Icon painting originated in the Byzantine Christian church. Its history is still being written, though, because of sensational new research and discoveries.

     In the beginning of the twentieth century, most people not involved with Eastern Christianity were not aware of icons. The October Revolution (of 1917 in Russia) brought attention to the wealth of icon painting and other Russian art, when the Soviet government used it as collateral to guarantee foreign loans. The early publications of the Central Workshop of Reconstruction in Moscow are partially responsible for the wide popularization and research of this splendid sphere of art.
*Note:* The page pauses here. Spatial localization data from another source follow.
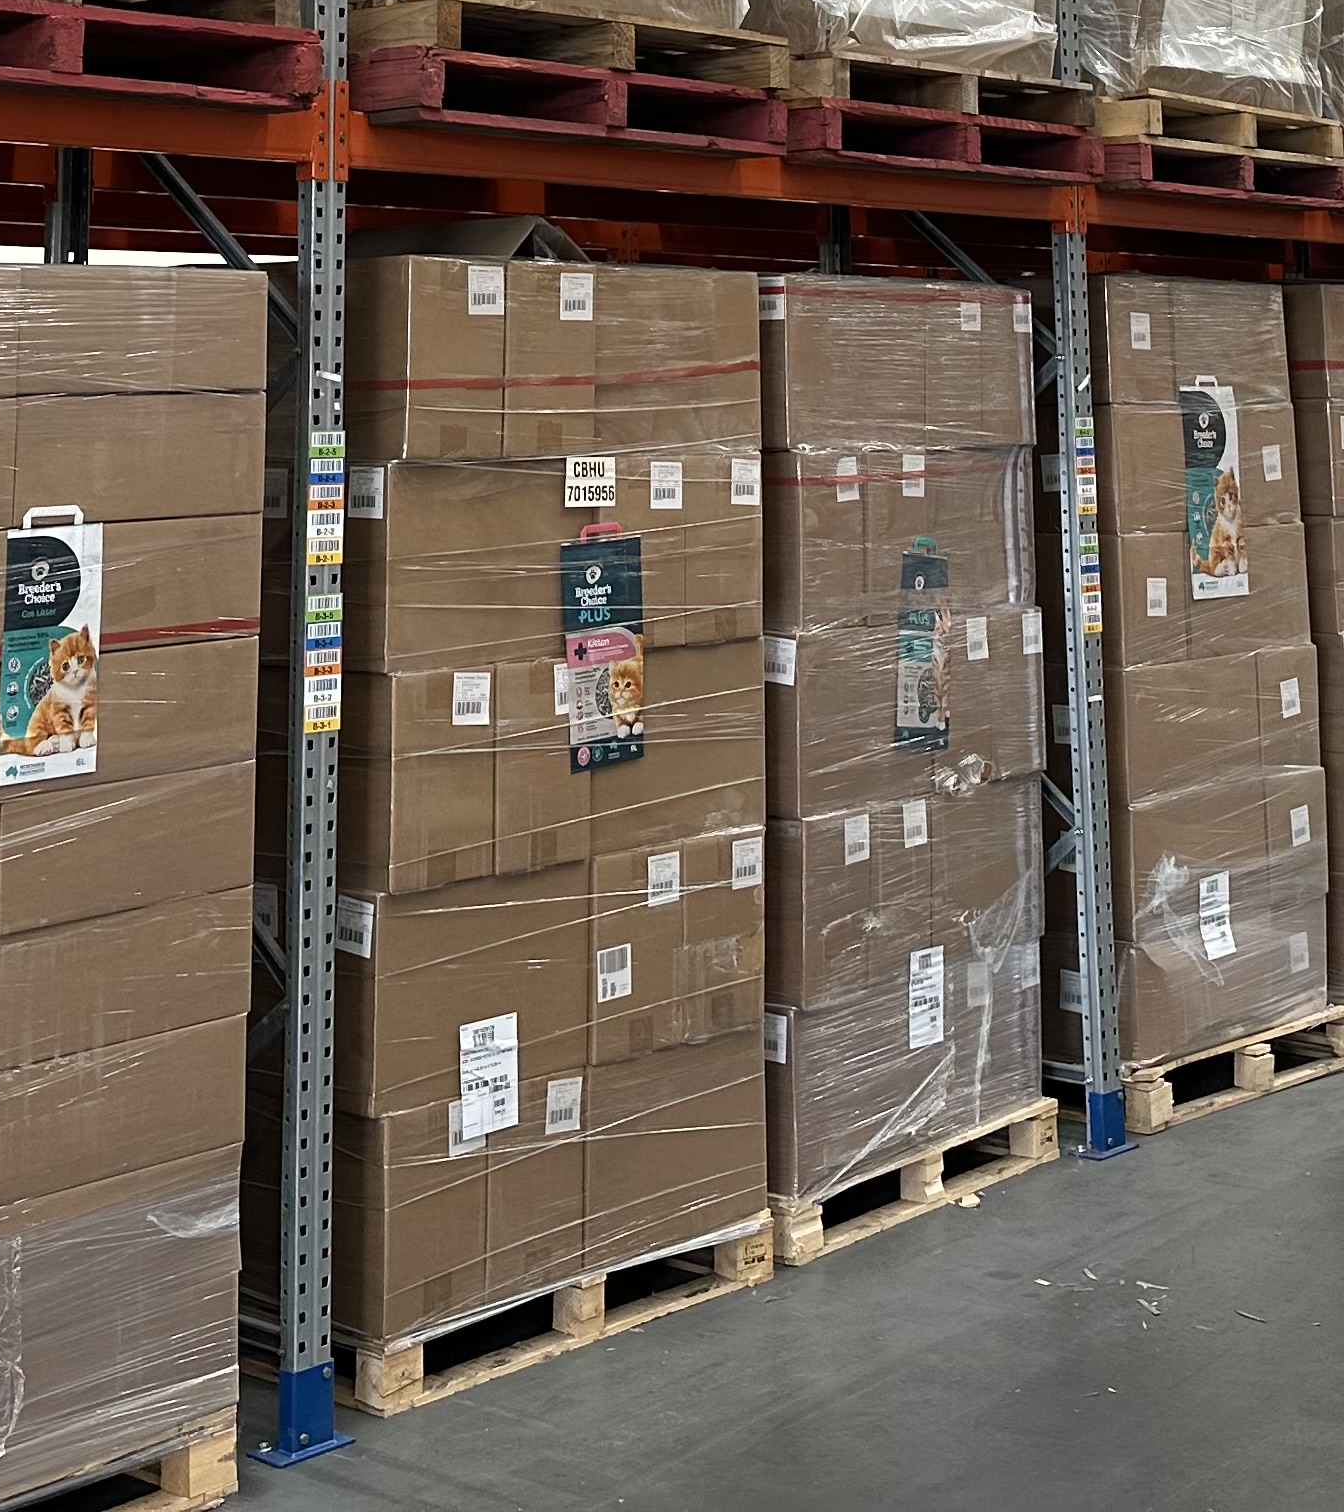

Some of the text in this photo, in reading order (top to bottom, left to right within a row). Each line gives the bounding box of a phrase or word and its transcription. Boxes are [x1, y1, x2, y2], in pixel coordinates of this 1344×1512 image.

[573, 461, 605, 478] CBHU
[567, 484, 615, 502] 7015956
[18, 581, 61, 595] Breeder's
[574, 584, 612, 598] Breeder's
[24, 593, 56, 604] Choice
[577, 607, 611, 624] PLUS
The West also became interested in Byzantine and Early Christian art in the early twentieth century, which created a suitable climate for collecting by museums, galleries, and the private sector.
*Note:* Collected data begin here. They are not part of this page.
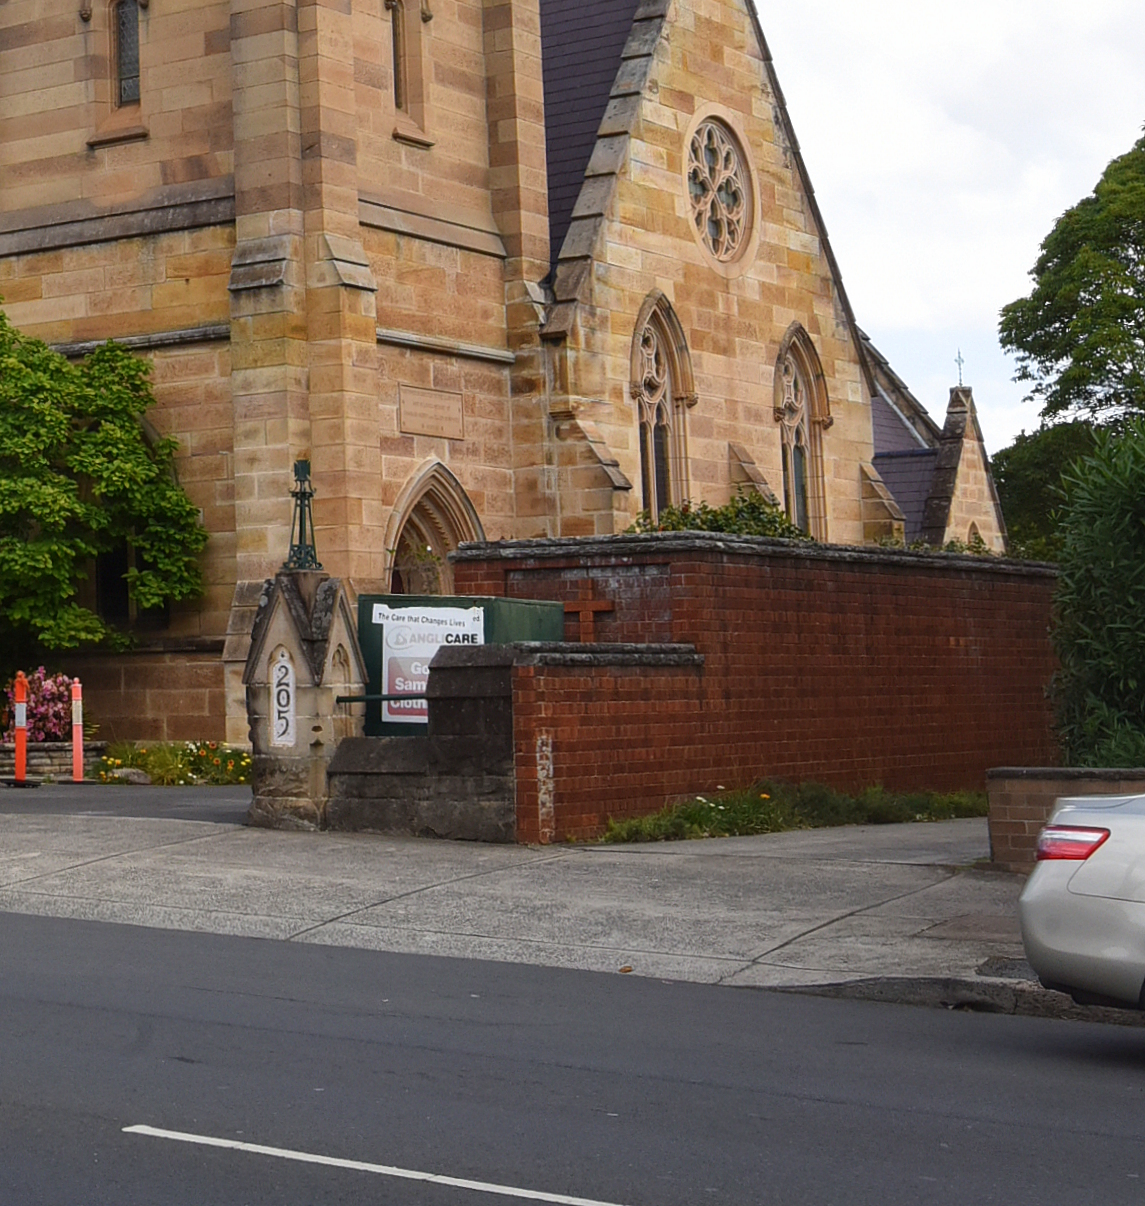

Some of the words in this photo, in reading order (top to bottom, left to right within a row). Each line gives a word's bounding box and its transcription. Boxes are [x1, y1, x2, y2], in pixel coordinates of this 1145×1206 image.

[378, 612, 389, 621] The
[391, 614, 405, 622] Care
[407, 615, 420, 623] that
[421, 616, 448, 626] Changes
[449, 619, 465, 627] Lives
[276, 665, 290, 738] 205
     The word, "icon", is Greek and means "picture, image, reflection". At the time of the seventh Council of Nice in 787, the term (icon) became more specified and was closer to our understanding as: pictures of Christ, Mary, Angels and Saints, according to Iferos, and found in the Holy Church Of God, on sacred dishes and vestments, on walls and boards, in houses and on roadways and are made from: "paints, stone or of other material". This Council description from the early Middle Ages is also today a dogmatic base for the art of the Orthodox Church. In later years, holy icons included historic representations of events from the life of saints, scriptures, and portraits of people connected with the Eastern Church, later blessed or canonized. This short genesis of the icons gives an idea of the different categories of icons, especially if we consider the material from which the icon was made, the origins, age, school and painting techniques.
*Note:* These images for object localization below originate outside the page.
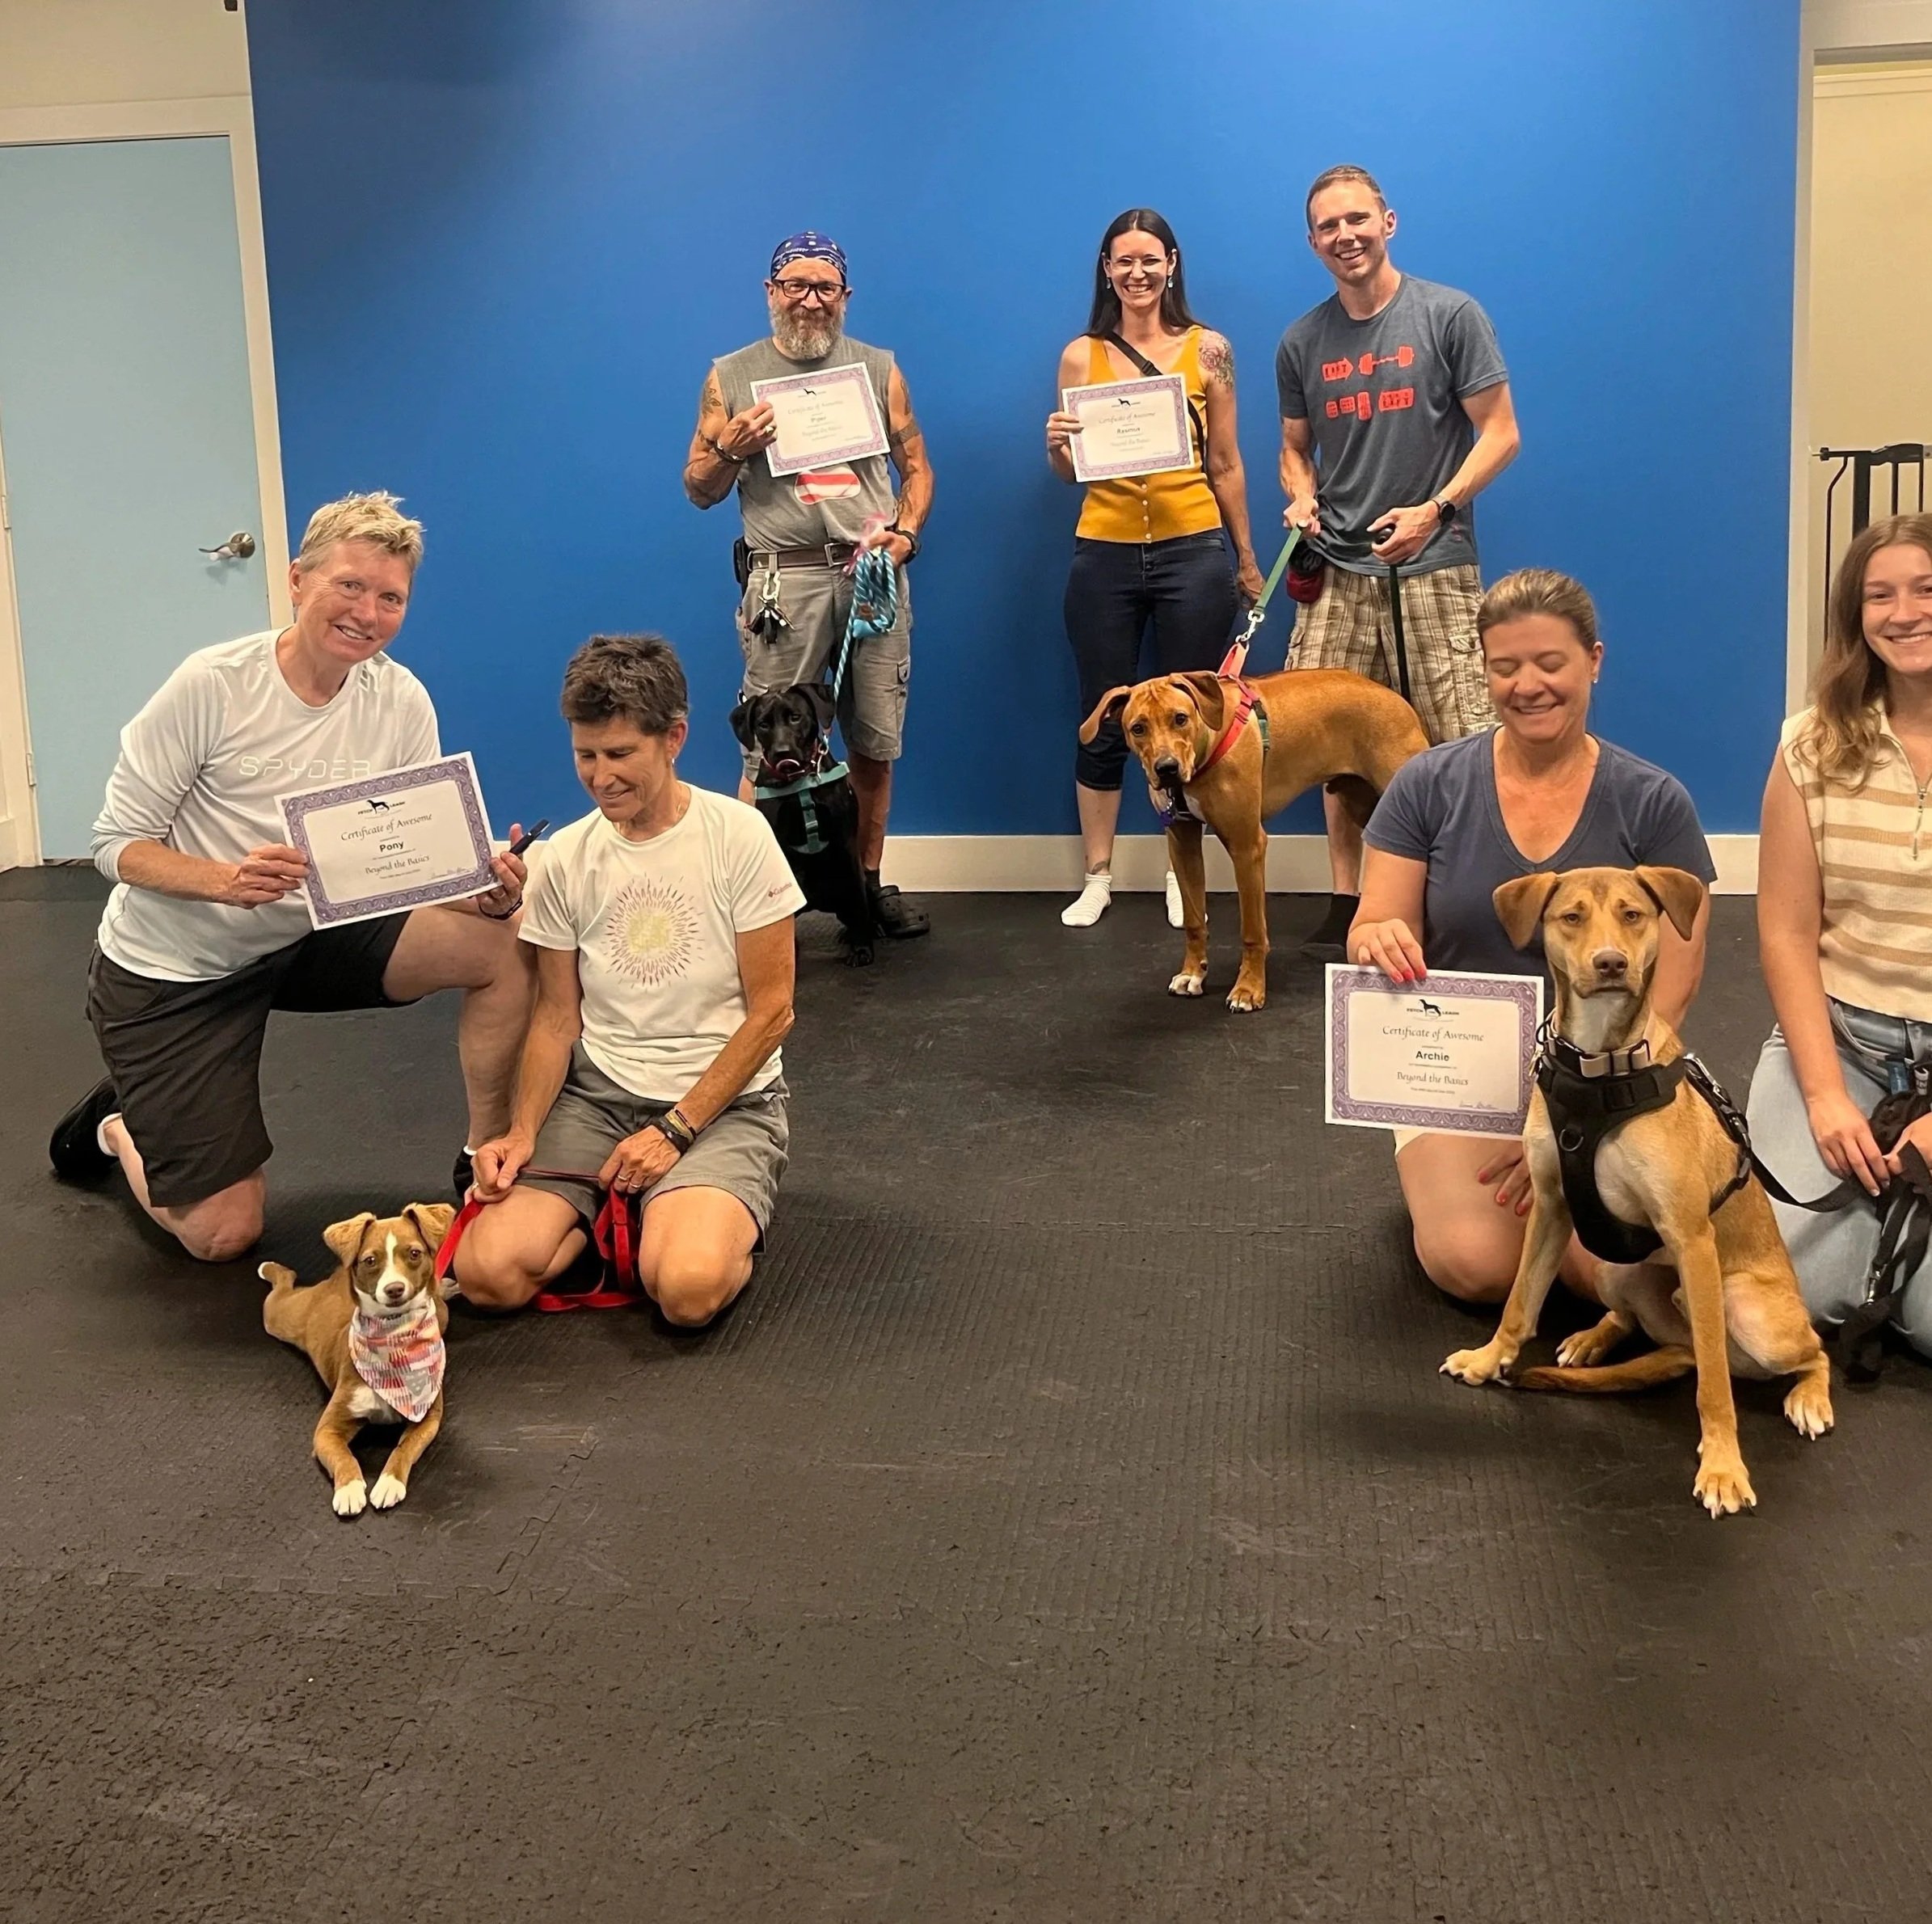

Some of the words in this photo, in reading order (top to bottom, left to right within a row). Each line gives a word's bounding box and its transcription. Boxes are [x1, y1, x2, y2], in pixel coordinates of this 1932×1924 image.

[238, 755, 371, 779] SPYDER
[340, 825, 384, 841] Certificate
[386, 818, 395, 833] of
[396, 813, 432, 829] Awesome
[379, 841, 405, 852] Pony
[365, 861, 393, 876] Beyond
[394, 859, 406, 868] the
[1382, 1025, 1429, 1040] Certificate
[1432, 1027, 1444, 1042] of
[1444, 1030, 1485, 1041] Awesome
[1415, 1050, 1449, 1061] Archie
[1397, 1071, 1427, 1084] Beyond
[1429, 1073, 1441, 1083] the
     Let us begin with the style of icon painting techniques. In 692, the Council of Constantinople clearly stated that that an icon has to be faithful to the prototype, to its spiritual presentation and done in suitable form and color. No other interpretations were allowed. Painters were forced to follow specific rules of representing figures and of icon composition. The concept of the prototype was developed. It was based on a few selected paintings. The accepted rules and techniques of painting were collected in painter's manuals. It was recommended that an icon be painted on a board, most often linden, with a deep center, where the main painting was. Icon borders (4 to 6 cm) were used to represent scenes from the life of the person(s) in the main painting or scenes of adoration. The board was protected from warping by placing crossbraces on the back. The board was prepared for painting by gluing canvas to the wood, and then it was covered by with a ground of gypsum alabaster and glue. Then outlines were sketched and gold and silver paints were used for the background. The tempera paint was prepared with egg yolks and acid. The manuals based their description on techniques used in the cradle of icon painting, the cloisters on Greek Mount Atos. Typically, an icon included the work of several painters. The faces, hands and complexion were painted by one painter, while the remaining parts were painted by another. Ornamental parts, often richly gilded, were done by other specialists. The finished image was covered with linseed varnish for gloss. Icons were decorated with precious stones. At first the stones were set in the panel around head(s) of the figure(s). In later periods (sixteenth century) icons were adorned with richly engraved metal, repousse, precious stones, and enamel, that often covered everything but the face and hands.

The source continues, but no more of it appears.